The HDMI debate–Some facts

While I typically write simply for the technophobe, a recent post by Harryitguy, made me feel like I had a couple of things to say about HDMI. Harry and many of his commenters believe that there is no difference between cables when it comes to an HDMI cable. They claim that digital signals arrive at the TV just as they were sent from the source. And there are many complaints about high priced cables. I wanted to be sure that the facts were out there.

Recently I have done in depth research with HDMI, LLC (the HDMI licensing company) and a number of cable manufacturers for my column in Dealerscope magazine to come out in March.

Here are some facts about HDMI cables:
1. Digital may be digital, but 1s and 0s can be corrupted into bit errors
and
2. Bit errors cause video noise or other picture degradation
3. Bad Cable construction can make that video noise worse when the connectors have cheap solder points or weak solder points
4. Monster cable has a one piece connector that eliminates the bit error problems. Terk makes cables that have “noise traps” like you find on your digital camera cable, to capture any added interferance.
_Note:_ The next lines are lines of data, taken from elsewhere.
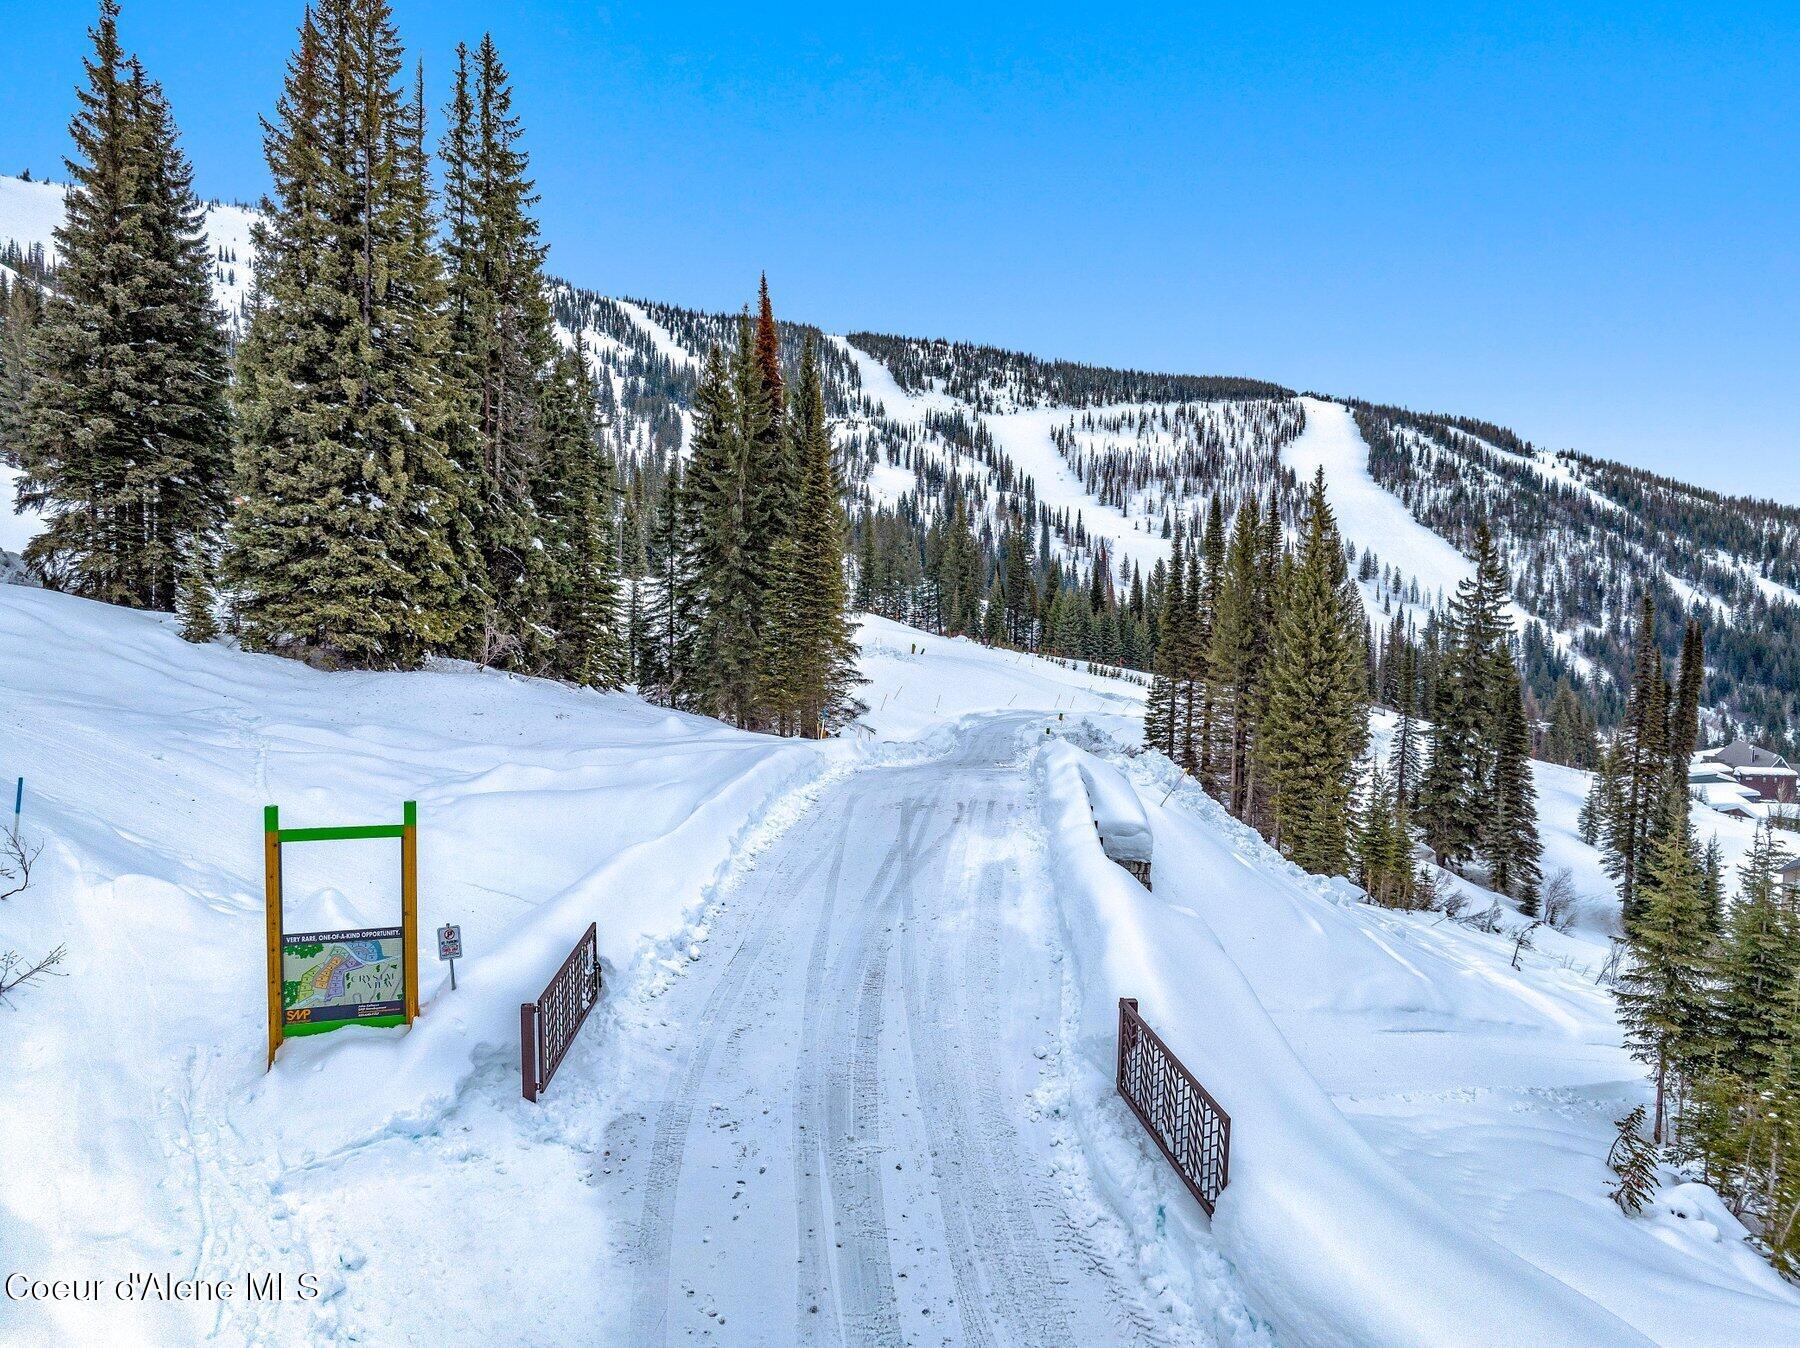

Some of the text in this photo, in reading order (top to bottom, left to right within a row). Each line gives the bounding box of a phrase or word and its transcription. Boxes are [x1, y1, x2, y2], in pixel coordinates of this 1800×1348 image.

[301, 935, 318, 943] RARE,
[318, 932, 361, 941] ONE-OF-A-KIND
[361, 929, 401, 939] OPPORTUNITY.
[286, 1009, 311, 1021] SMP
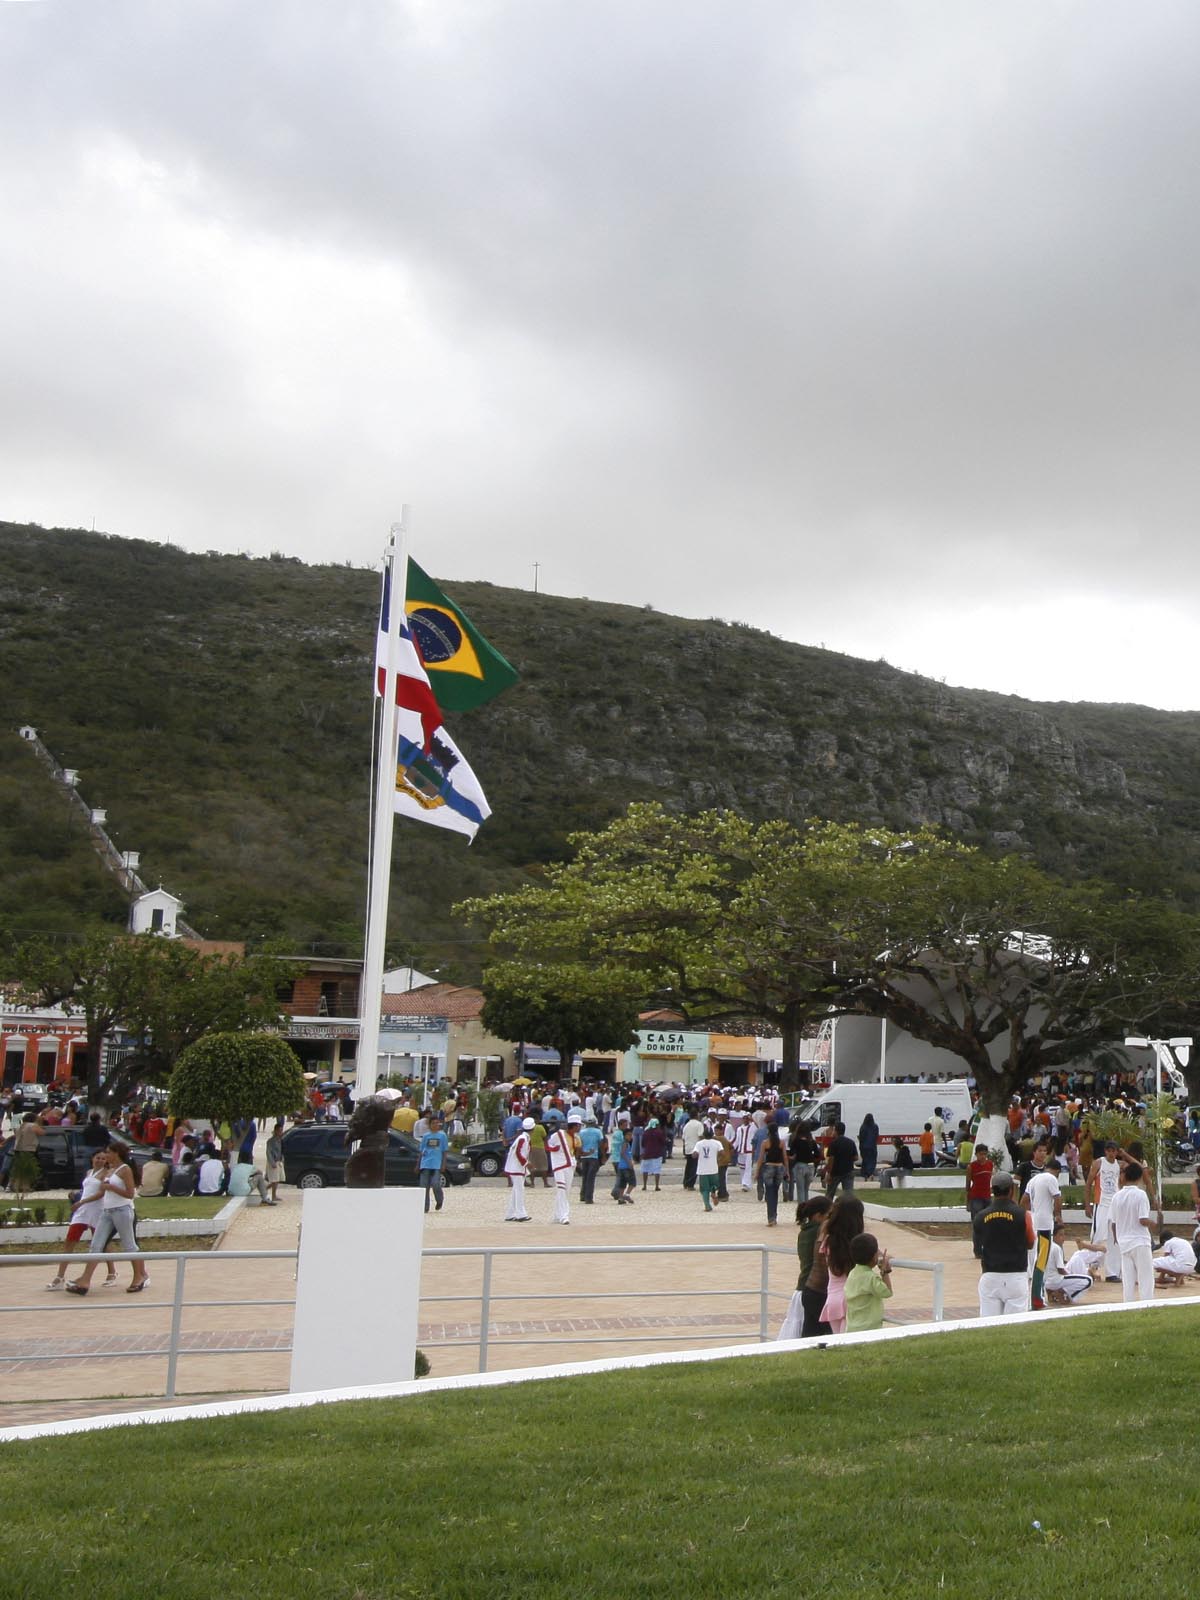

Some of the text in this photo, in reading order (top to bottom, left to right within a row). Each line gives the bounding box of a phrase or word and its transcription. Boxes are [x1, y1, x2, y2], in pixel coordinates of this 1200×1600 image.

[647, 1034, 685, 1043] CASA
[660, 1044, 685, 1052] NORTE
[984, 1211, 1014, 1223] SEGURANÇA
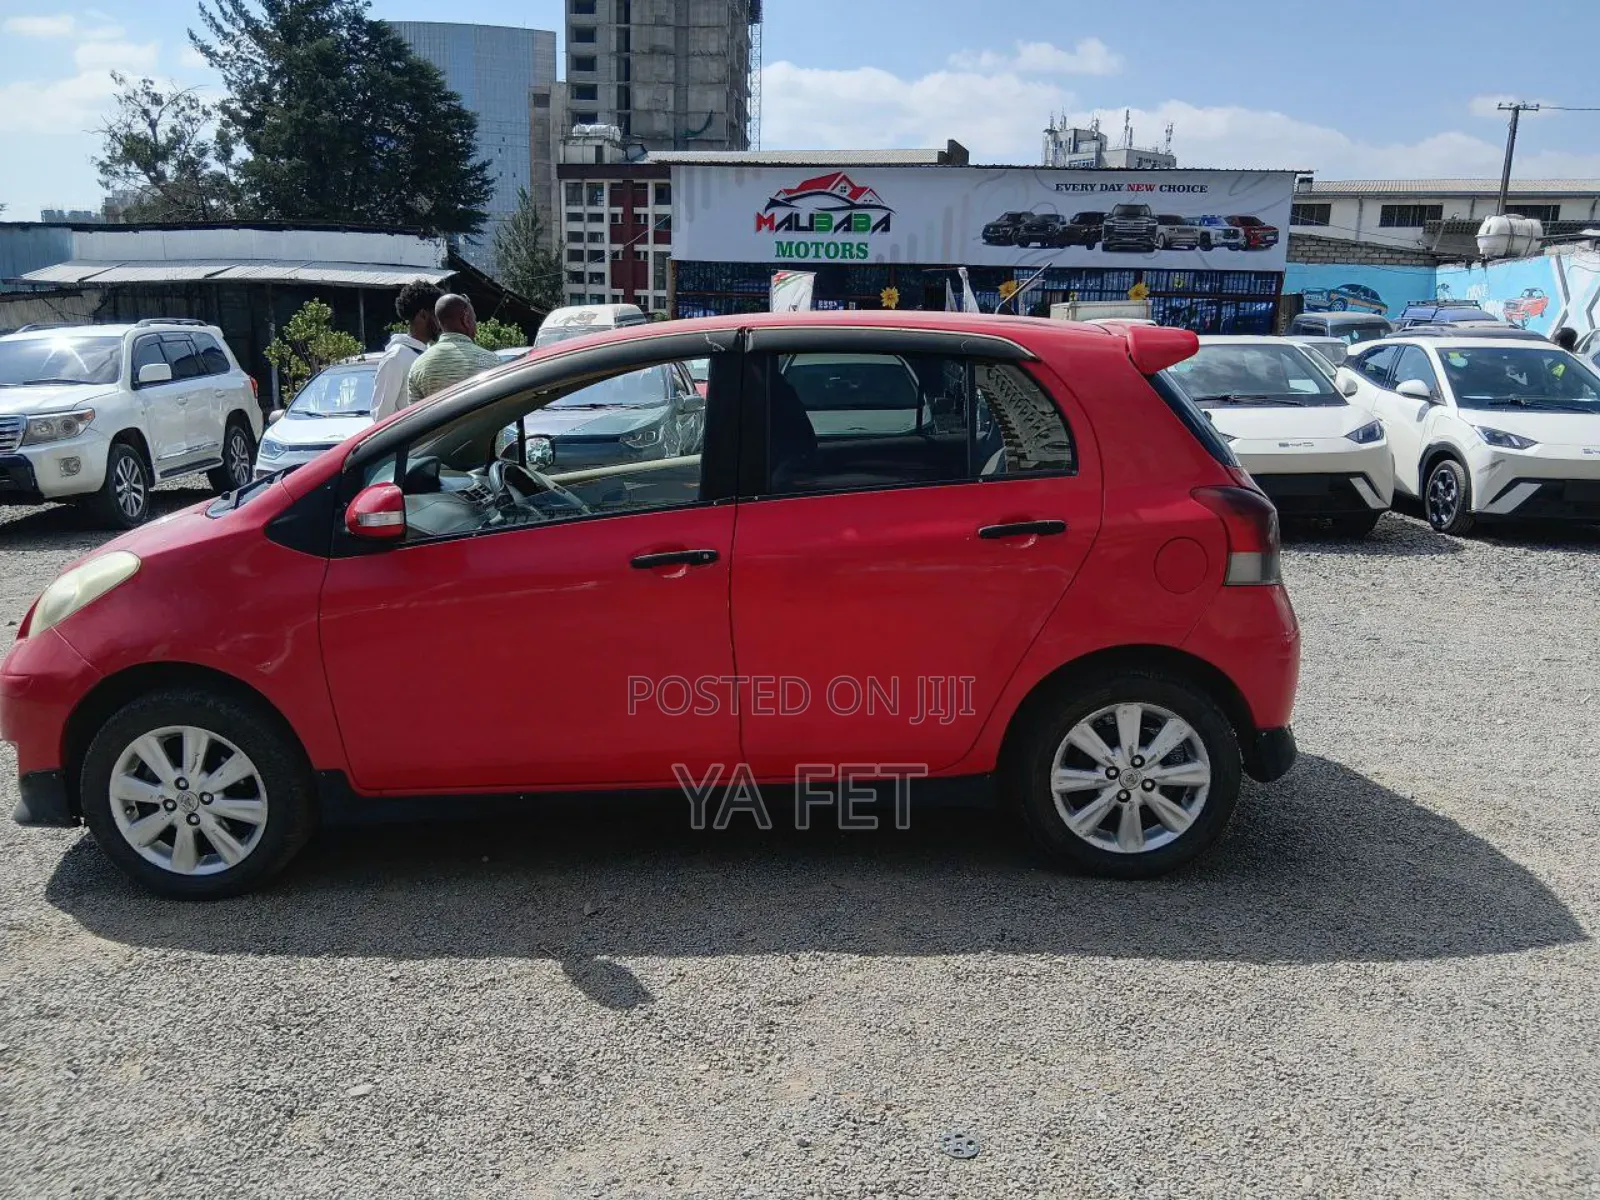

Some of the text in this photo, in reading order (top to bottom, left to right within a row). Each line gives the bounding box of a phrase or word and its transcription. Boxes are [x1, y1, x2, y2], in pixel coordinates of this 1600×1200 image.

[1055, 183, 1209, 193] EVERY DAY NEW CHOICE
[775, 240, 869, 260] MOTORS
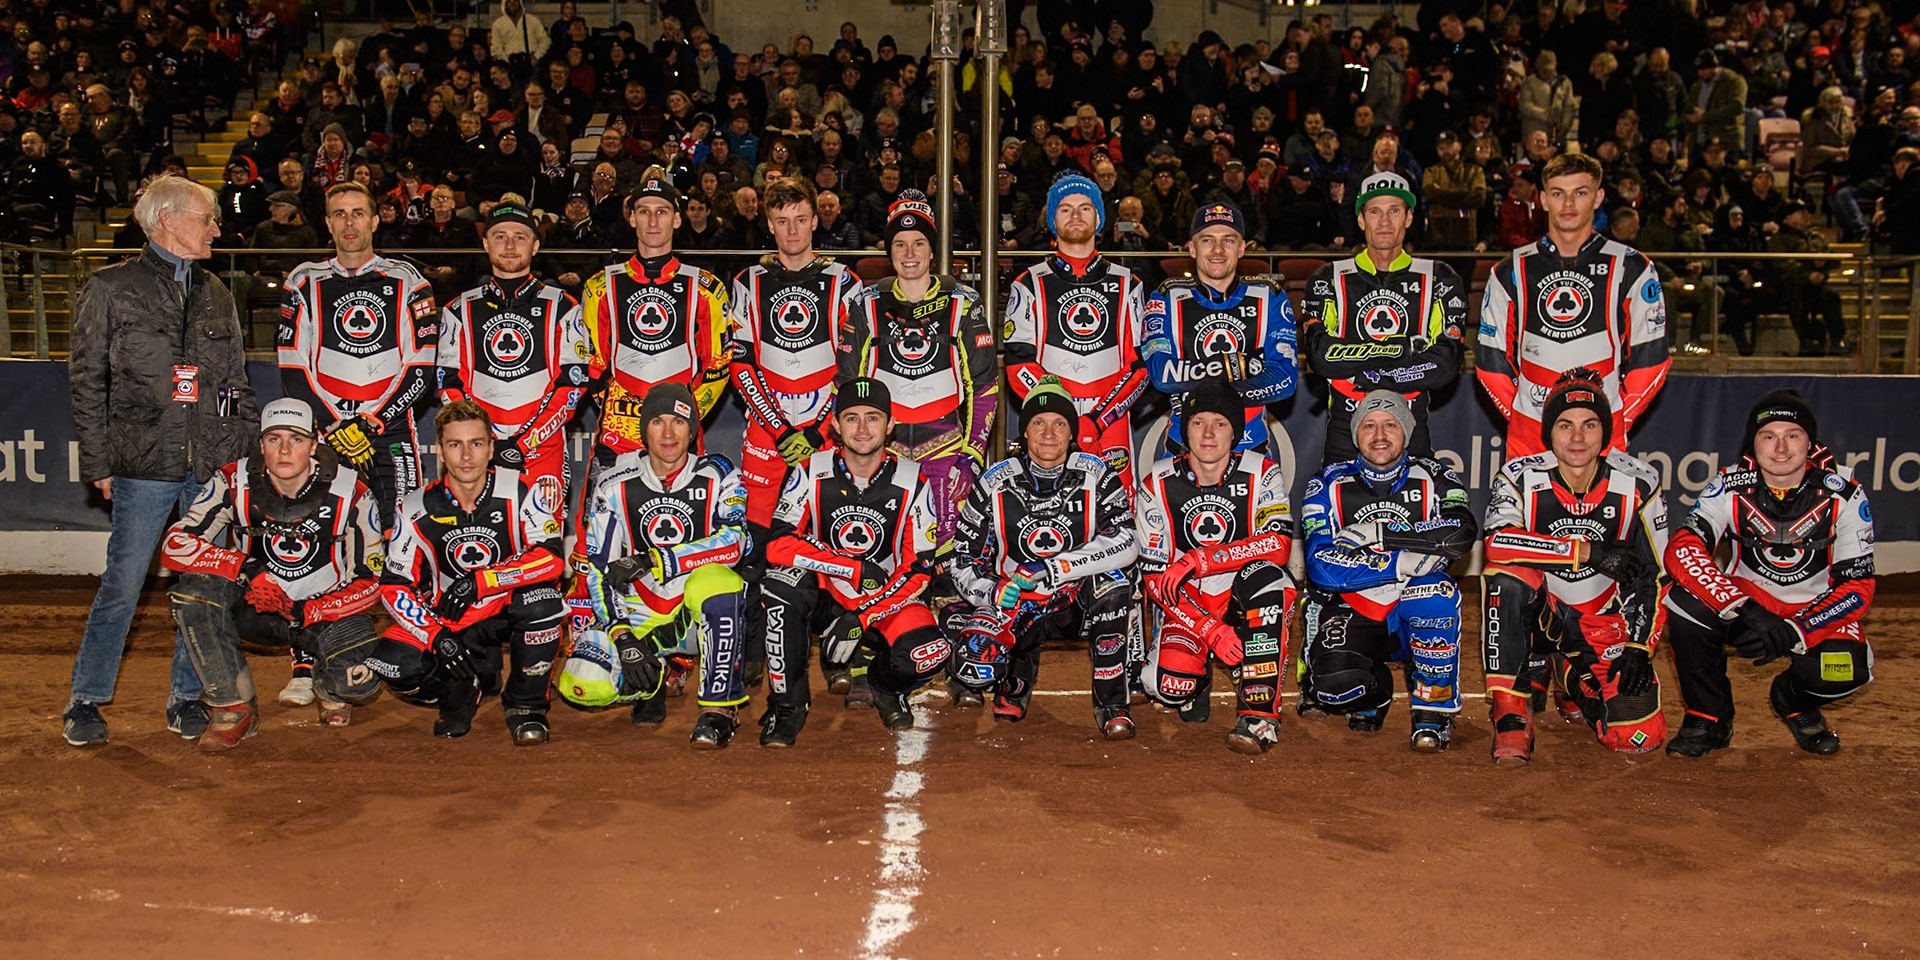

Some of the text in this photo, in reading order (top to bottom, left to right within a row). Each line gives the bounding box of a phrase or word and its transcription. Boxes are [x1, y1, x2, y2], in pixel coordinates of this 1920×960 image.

And of course, any decent cable doesn’t want interferance to cause bit errors.
5. Really cheap cables can fall out of the connection, or bend pins.
6. Alterations in what material the cable is, and how it is twisted can affect the ability of the cable to transmit the highest quality picture.

Bottom line is, if you are spending a lot of money on a high quality flatscreen or any other high quality component, why would you skimp on cables to insure that quality is transferred and displayed?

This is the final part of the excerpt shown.